Say it ain’t so: A shortage of everyone’s favorite guacamole-bearing fruit, avocados, has caused prices to skyrocket nationwide. But how did the green miracles make their way to the United States to begin with? María Elena Galindo-Tovar, Amaury M. Arzate-Fernández, Nisao Ogata-Aguilar, and Ivonne Landero-Torres give you something to think about while you sob into your (now prohibitively expensive) avocado toast.
Avocados have ancient roots, and had an important place in Mesoamerican peoples’ diet, mythology, and culture. It’s possible that they were eaten in the Tehuacan Valley of what is now central Mexico as long as 10,000 years ago.
Scientists think that the fruit first originated in Africa, then made it to North America, then traveled down to Central America. Conditions for avocado cultivation may have existed as far back as 16,000 B.C.E., the team writes—and its long history among Caral, Mokaya, and Maya peoples points to its beloved status.
Avocado can be found as the name of the 14th month on the Maya calendar, on Pacal tombs in Chiapas, and in Aztec paintings. Linguistic clues point to avocados’ significance, too. “The presence of a plant or animal in nature alone is not enough for it to be named,” the authors note; “it is necessary for the society or human group to acknowledge the importance of the species before naming it.”
Many cultures did just that, and the regard with which they held avocados is demonstrated by the many words with which they referred to it.
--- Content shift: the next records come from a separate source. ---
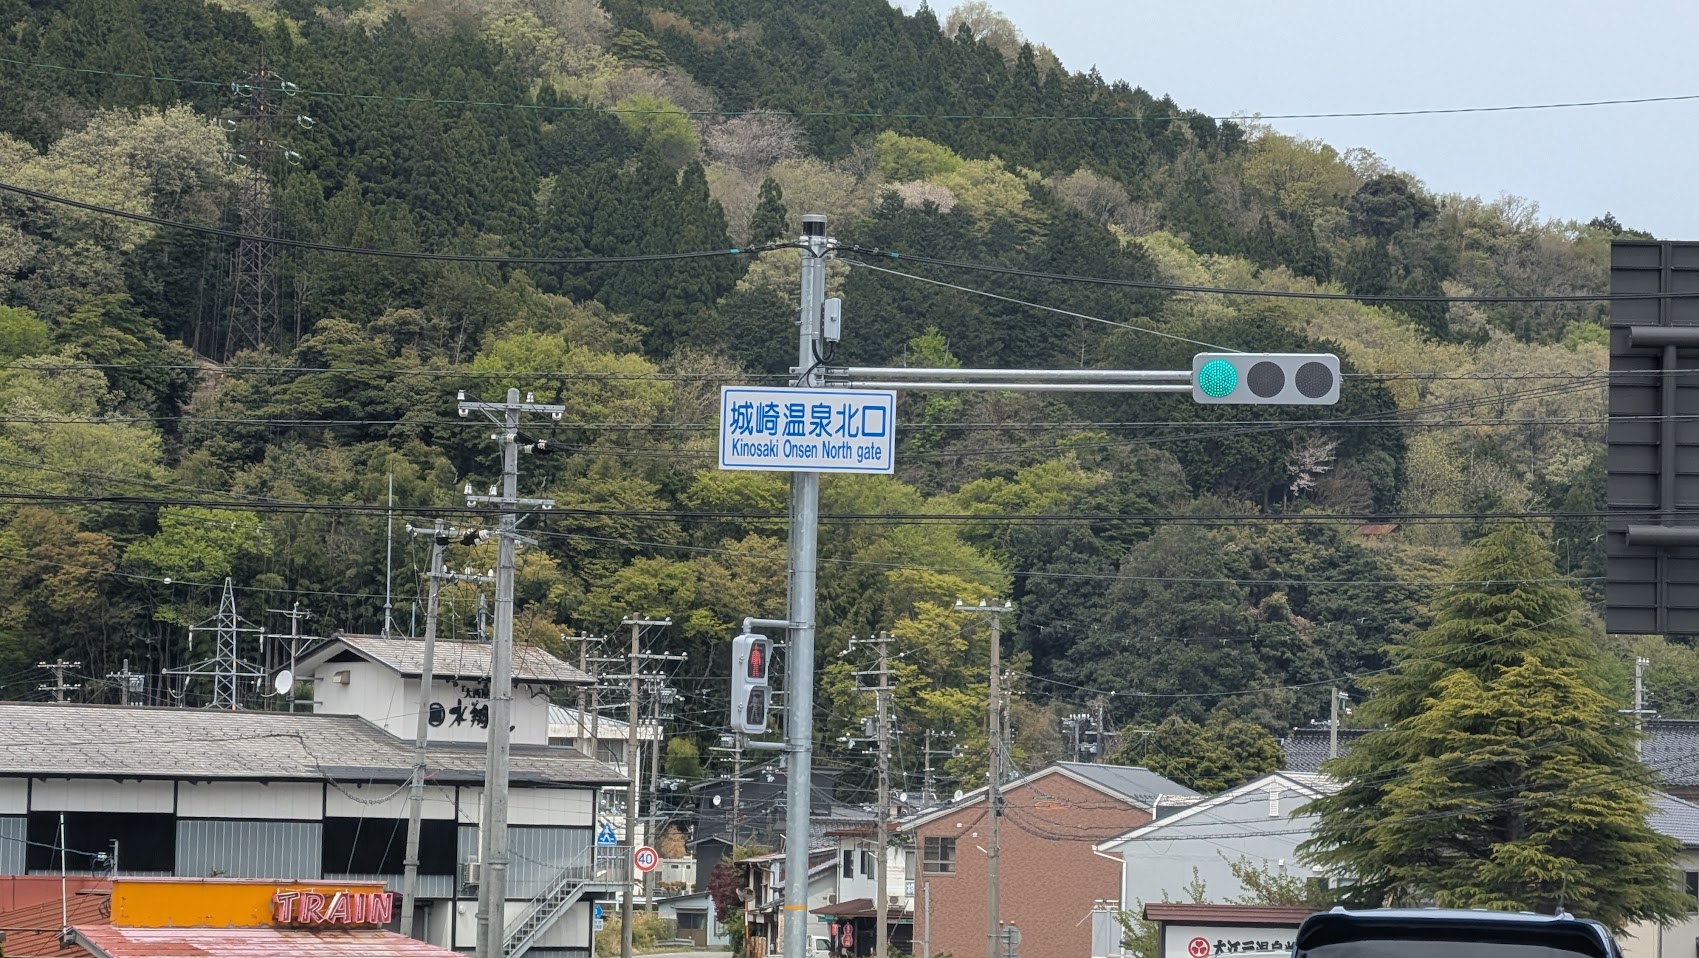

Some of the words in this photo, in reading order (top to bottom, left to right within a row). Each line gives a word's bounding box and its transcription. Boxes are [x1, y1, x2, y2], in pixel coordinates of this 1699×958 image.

[729, 401, 887, 438] 城崎温泉北口
[732, 438, 779, 458] Kinosaki
[783, 439, 818, 459] Onsen
[822, 440, 852, 460] North
[857, 442, 882, 463] gate
[638, 853, 653, 865] 40
[273, 891, 393, 924] TRAIN
As cultures blended and met in Mesoamerica, it is thought that avocado came along for the ride. By the time Spaniards came to the Americas, the team writes, “the avocado was consumed from Mesoamerica to Peru.” The Spanish were intrigued not just by the biological diversity of the lands they conquered, but its delicious foods. An early explorer who found avocado in what is now Colombia wrote that its flesh “is like butter and is of marvelous flavor, so good and pleasing to the palate that it is a marvelous thing.” Spanish invaders took note of avocados, learned about their flavor profiles and potential medicinal applications, and wrote back to royalty about the fruit.
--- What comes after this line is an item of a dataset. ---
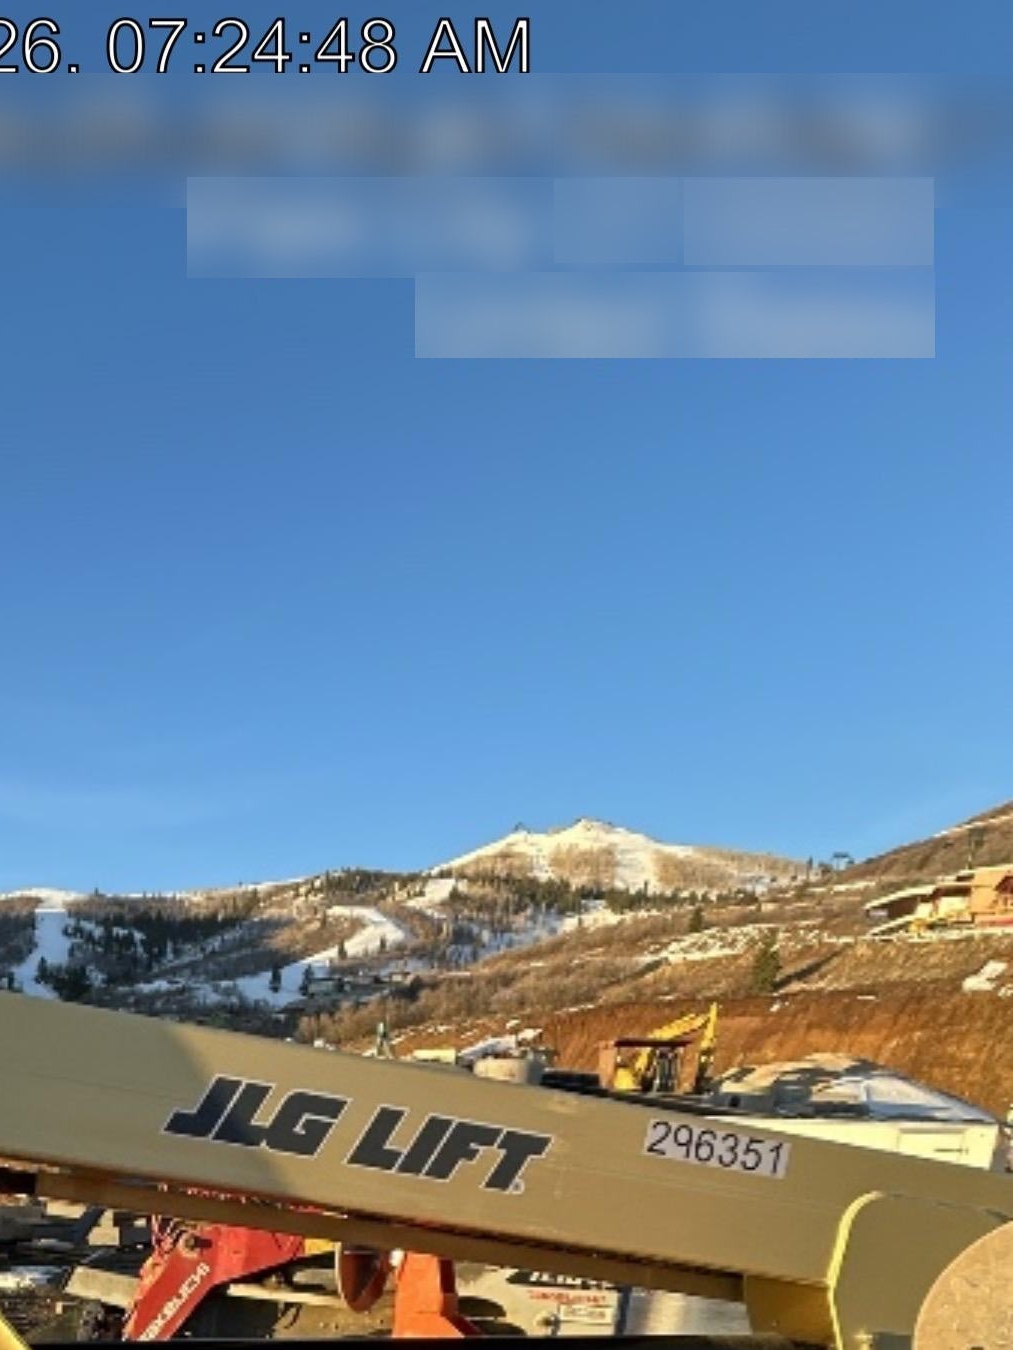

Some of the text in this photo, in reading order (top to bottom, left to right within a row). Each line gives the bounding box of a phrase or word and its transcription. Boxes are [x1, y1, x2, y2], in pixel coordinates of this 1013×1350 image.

[163, 1075, 553, 1192] JLG LIFT
[646, 1121, 784, 1174] 296351
The authors document three circumstances in which avocado was “used as tribute,” given by indigenous people to their rulers or used as money in commercial transactions. They note the use of avocados as animal feed, remedy for bruises and split ends, and even as stamps on fabric.
As the Spaniards traveled outward to other colonies, they brought the avocado with them. They’ve been in California since the 1850s and had made their way all over the world by 1998. And though the world is still sorting through its modern avocado supply problem—blame the shortage on weather, labor issues, and increased demand—the ascendance of the humble avocado makes even more sense when you recognize its old-school roots.